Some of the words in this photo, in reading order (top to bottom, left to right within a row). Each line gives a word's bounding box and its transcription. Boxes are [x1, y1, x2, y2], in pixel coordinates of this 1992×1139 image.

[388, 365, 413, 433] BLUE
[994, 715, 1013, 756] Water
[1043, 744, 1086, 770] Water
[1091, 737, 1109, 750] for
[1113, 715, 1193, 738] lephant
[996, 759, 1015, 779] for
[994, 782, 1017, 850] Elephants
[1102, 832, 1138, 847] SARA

▶ _PROBLEM DESCRIPTION_
Taking care to miss no line, set down the whole listing above exactly.

▶ _ANSWER TO THE PROBLEM_
Some of the words in this photo, in reading order (top to bottom, left to right within a row). Each line gives a word's bounding box and its transcription. Boxes are [x1, y1, x2, y2], in pixel coordinates of this 1992×1139 image.

[388, 365, 413, 433] BLUE
[994, 715, 1013, 756] Water
[1043, 744, 1086, 770] Water
[1091, 737, 1109, 750] for
[1113, 715, 1193, 738] lephant
[996, 759, 1015, 779] for
[994, 782, 1017, 850] Elephants
[1102, 832, 1138, 847] SARA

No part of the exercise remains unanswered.